Ah, yes. Looks like I reported that back in 2023: https://github.com/realworldocaml/mdx/issues/420 Would be nice to get that fixed indeed.
I deleted and reinstalled the opam package manager and started running the various code blocks of fs.md test all over again. All tests are now working perfectly fine with MDX.
I don't see why opam would have any effect on that. Did you perhaps also reinstall Git with a different line-endings setting? e.g. https://github.com/realworldocaml/mdx/pull/294#issuecomment-749664997
Or maybe you're using a different version of MDX. Did you keep a copy of the old installation? Would be good to compare if so.
In any case, the tests are still failing in the CI: https://github.com/ocaml-multicore/eio/actions/runs/11529311468/job/32119632533?pr=773#step:6:32
I don't see why opam would have any effect on that. Did you perhaps also reinstall Git with a different line-endings setting? e.g. https://github.com/realworldocaml/mdx/pull/294#issuecomment-749664997
Or maybe you're using a different version of MDX. Did you keep a copy of the old installation? Would be good to compare if so.
In any case, the tests are still failing in the CI: https://github.com/ocaml-multicore/eio/actions/runs/11529311468/job/32119632533?pr=773#step:6:32
No, I didn't keep a copy. Yeah the CI tests still fail because I'm yet to push the changes to this branch.
I don't know but I'm really noticing some issues that seem not to be adding up @talex5 dunno if it's a clone problem though.
I noticed any markdown file I edit after cloning (by deleting the code and using the code from the parent repo, a simple copy and paste again) runs successfully when tested.
But any markdown code on my clone that I run without editing hangs. The difference I noticed between the two files are the backtics at the end of a block.
And if this is the case, it would mean rewriting all the tests in my cloned repo before pushing to commit.
@talex5 @patricoferris Now every other test seem to be failing the CI, and I really don't know what the issue is exactly, tried different approaches already but still fails. Would appreciate some guidance please
Thank you
The CI says \ No newline at end of file
. Maybe you removed all the newlines?
The CI says
\ No newline at end of file
. Maybe you removed all the newlines?
Hmmm... just checked. Thank you so much for drawing my attention to that
So apparently I did, let me edit and re-commit
ocaml-ci still fails @talex5 @patricoferris , the reason does not seem to be clear to me in the logs either, please kindly look into it
Seems pretty clear:
[mdx] Fatal error: File "trace.md", lines 44761057-44761058: Stack overflow
This is the problem you're trying to fix.
Hi @talex5
I’ve worked through several iterations with the test files to isolate the root cause of the stack overflow and test hanging issues:
Reduced file Content: I systematically reduced the file content to a block. Even with minimal code, the CI tests still hang at 99% and then fails with output stack overflow
Direct mdx Execution: Running eg. ocaml-mdx trace.md
directly, even in this form, results still end in stack overflow.

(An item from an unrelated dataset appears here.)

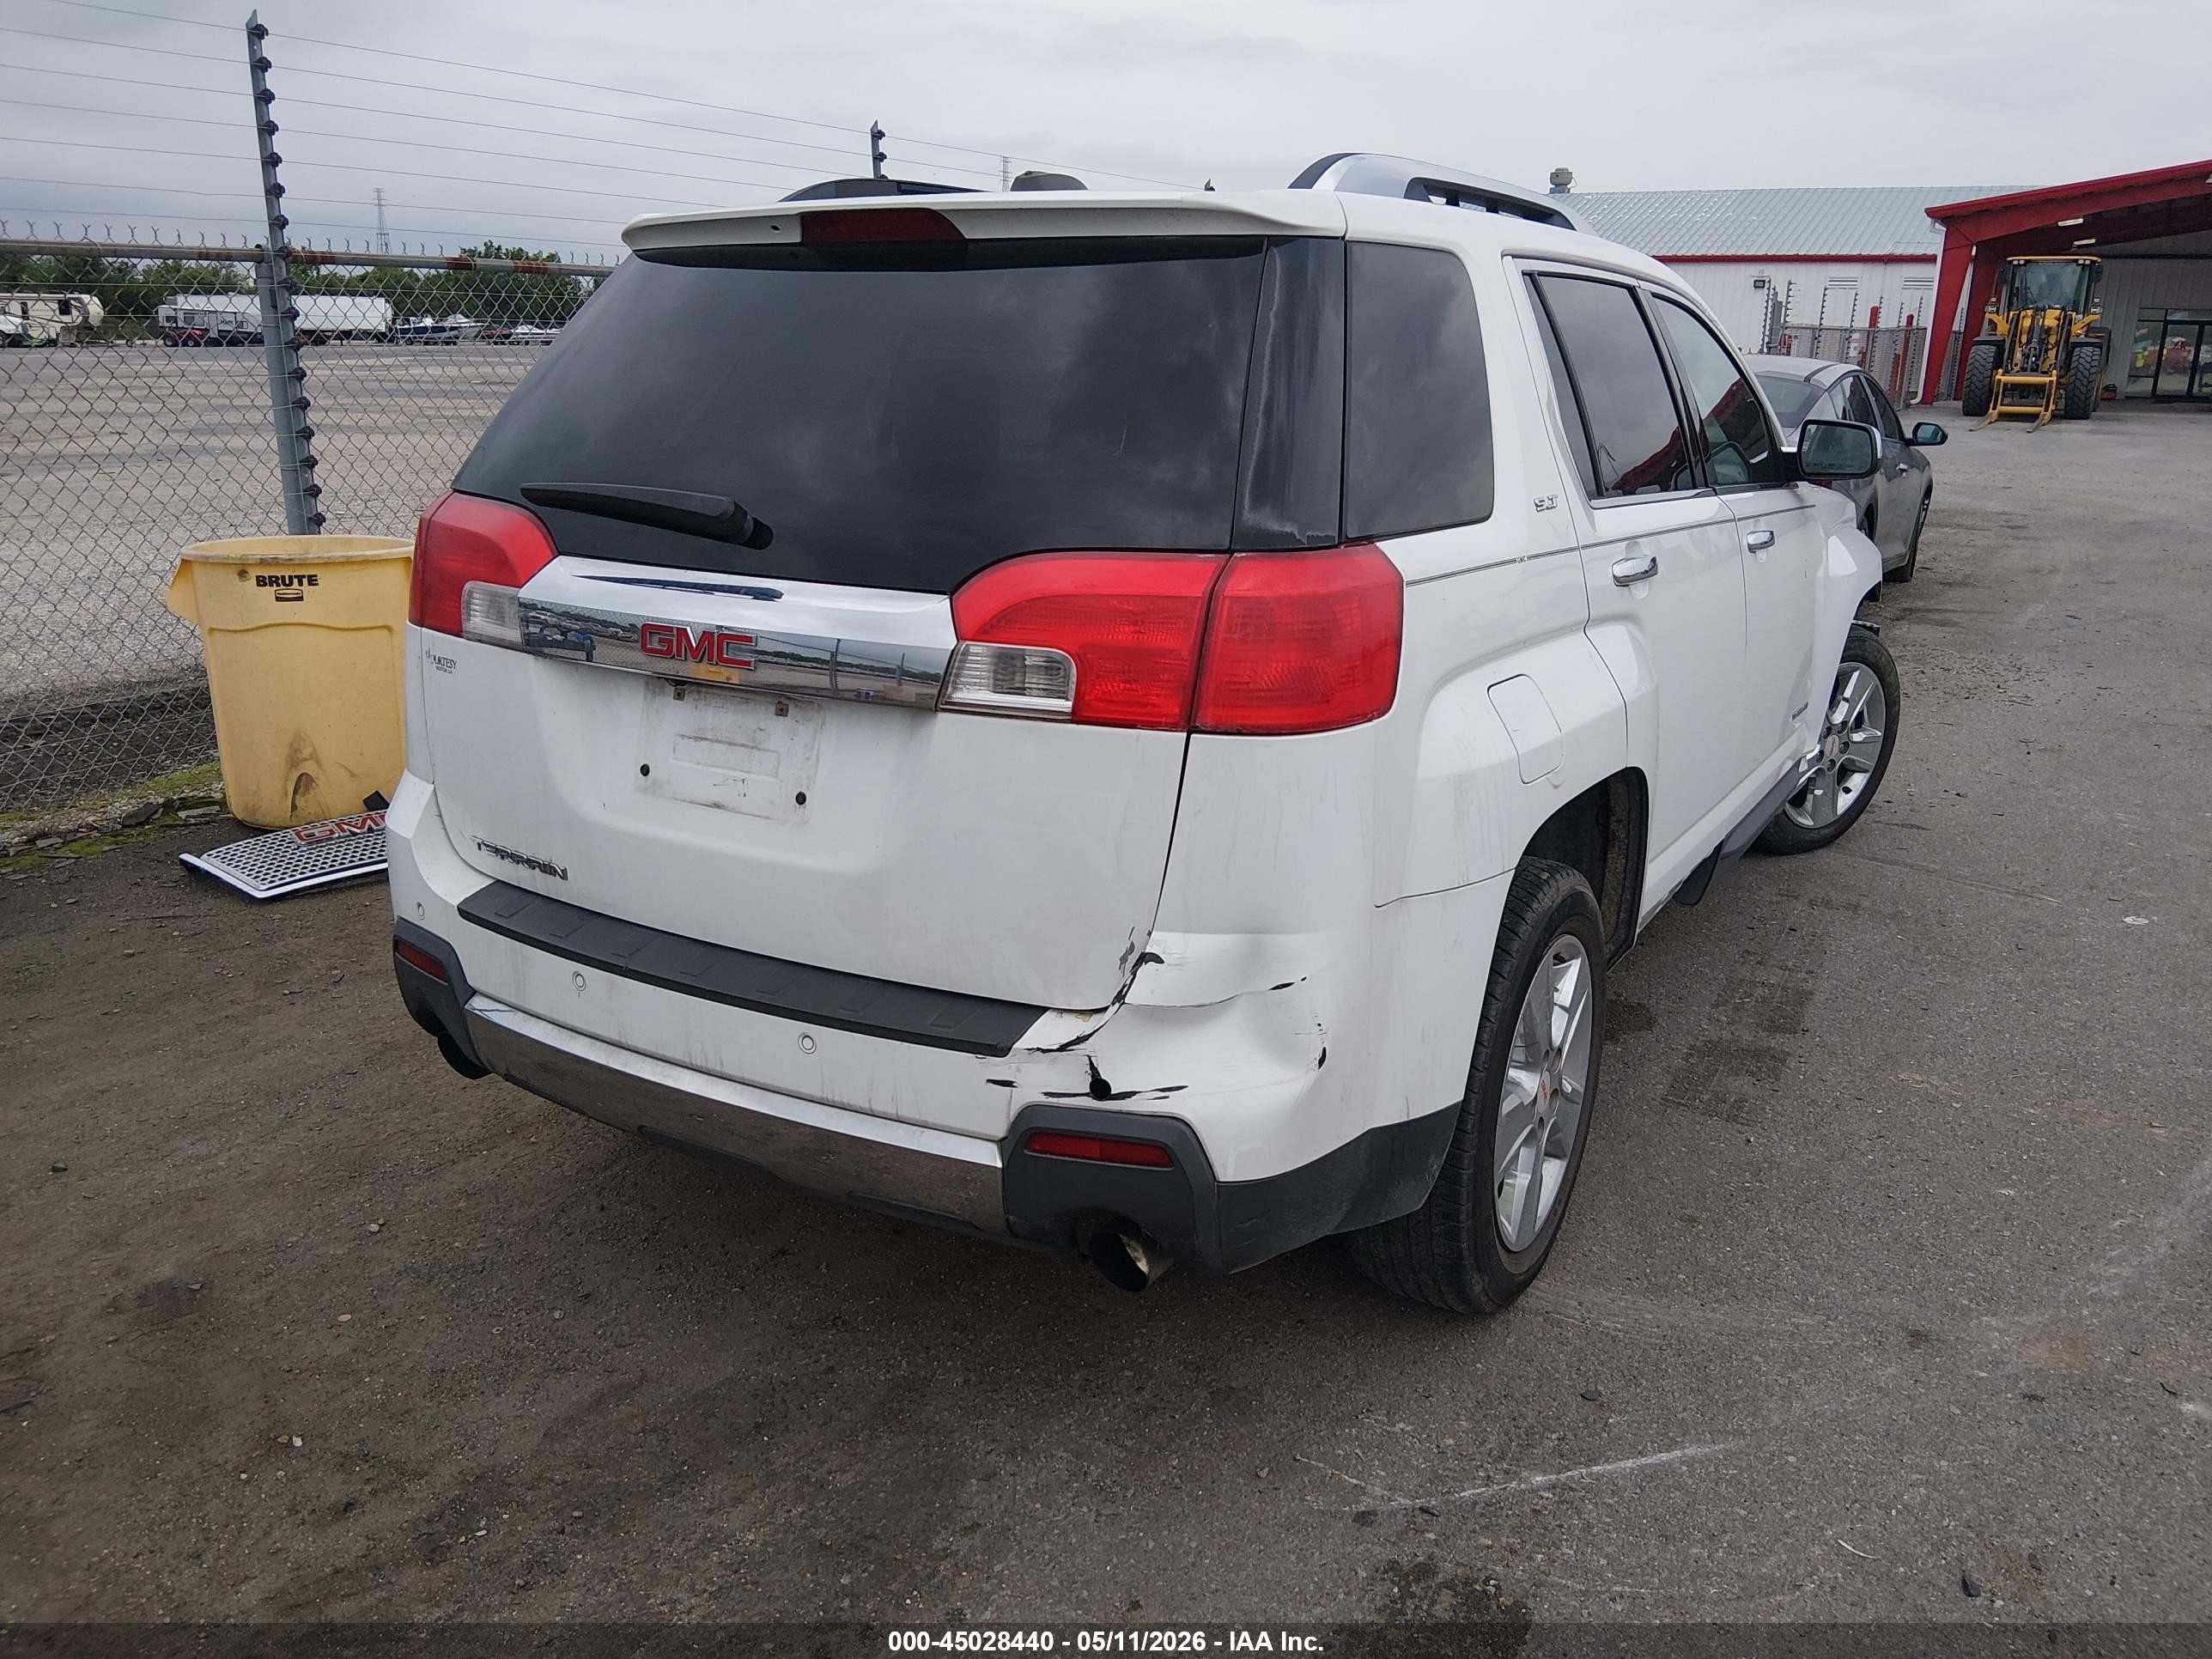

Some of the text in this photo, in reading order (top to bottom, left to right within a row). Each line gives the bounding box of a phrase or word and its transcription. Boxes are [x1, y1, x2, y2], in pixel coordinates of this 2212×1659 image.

[255, 574, 319, 587] BRUTE
[641, 622, 757, 670] GMC
[294, 814, 386, 845] GM
[471, 835, 568, 881] TERRAIN

I think these findings suggest that the issue might be due to a parsing loop or compatibility issue with mdx.
I would appreciate any guidance on further isolating the issue.
Thank you!
Based on these failures, should I go ahead and report the issue at https://github.com/realworldocaml/mdx/issues @talex5 @patricoferris
Running eg. ocaml-mdx trace.md directly, even in this form, results still end in stack overflow.
That's very good! Does the test use anything from Eio? If you can get it to fail just using the OCaml stdlib that would be even better. This avoids any possible confusion about which project (Eio or MDX) is causing the bug.

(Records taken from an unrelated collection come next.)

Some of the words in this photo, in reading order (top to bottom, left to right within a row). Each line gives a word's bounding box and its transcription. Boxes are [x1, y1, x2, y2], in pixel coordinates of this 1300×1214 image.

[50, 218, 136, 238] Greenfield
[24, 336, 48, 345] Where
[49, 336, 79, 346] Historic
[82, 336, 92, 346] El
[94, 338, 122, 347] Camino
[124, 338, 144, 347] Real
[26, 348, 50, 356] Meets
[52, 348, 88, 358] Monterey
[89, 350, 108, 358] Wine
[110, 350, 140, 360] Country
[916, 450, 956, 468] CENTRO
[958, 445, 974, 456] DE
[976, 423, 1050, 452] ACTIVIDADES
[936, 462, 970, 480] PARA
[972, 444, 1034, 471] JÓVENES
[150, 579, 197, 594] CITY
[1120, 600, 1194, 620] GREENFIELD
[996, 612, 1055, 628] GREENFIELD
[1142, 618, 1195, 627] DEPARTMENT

Running eg. ocaml-mdx trace.md directly, even in this form, results still end in stack overflow.
That's very good! Does the test use anything from Eio? If you can get it to fail just using the OCaml stdlib that would be even better. This avoids any possible confusion about which project (Eio or MDX) is causing the bug.
Hi @talex5
So as suggested, I tested the trace.md file and other markdown files too both with and without Eio dependencies. Here’s what I found:
Without Eio: Running trace.md
without any Eio dependencies using ocaml-mdx test trace.md completed successfully without any stack overflow or hanging issues.

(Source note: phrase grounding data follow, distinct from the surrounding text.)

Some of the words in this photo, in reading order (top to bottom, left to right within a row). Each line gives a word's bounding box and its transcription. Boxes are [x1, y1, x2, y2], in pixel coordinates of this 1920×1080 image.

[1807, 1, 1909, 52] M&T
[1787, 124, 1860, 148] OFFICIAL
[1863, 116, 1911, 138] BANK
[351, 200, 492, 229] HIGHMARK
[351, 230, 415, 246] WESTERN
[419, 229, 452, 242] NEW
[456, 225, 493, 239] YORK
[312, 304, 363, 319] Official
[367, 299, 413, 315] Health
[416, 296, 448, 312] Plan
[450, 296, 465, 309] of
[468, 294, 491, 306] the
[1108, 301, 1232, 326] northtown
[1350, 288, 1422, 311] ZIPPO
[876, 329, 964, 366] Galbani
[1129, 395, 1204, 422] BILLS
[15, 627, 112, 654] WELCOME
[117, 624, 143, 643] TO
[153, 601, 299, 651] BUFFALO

With Eio: Including Eio dependencies in the file still results in the stack overflow, as we initially observed.
Testing the Code in the OCaml REPL: I also tested the above code in the OCaml REPL to verify its functionality. The output was as expected, confirming that it runs correctly without any Eio dependencies.
Based on these findings, it seems the bug might indeed be related to Eio rather than mdx.
OK, then could you find out which Eio library causes the problem.
e.g. what happens if you just require #require "eio_main"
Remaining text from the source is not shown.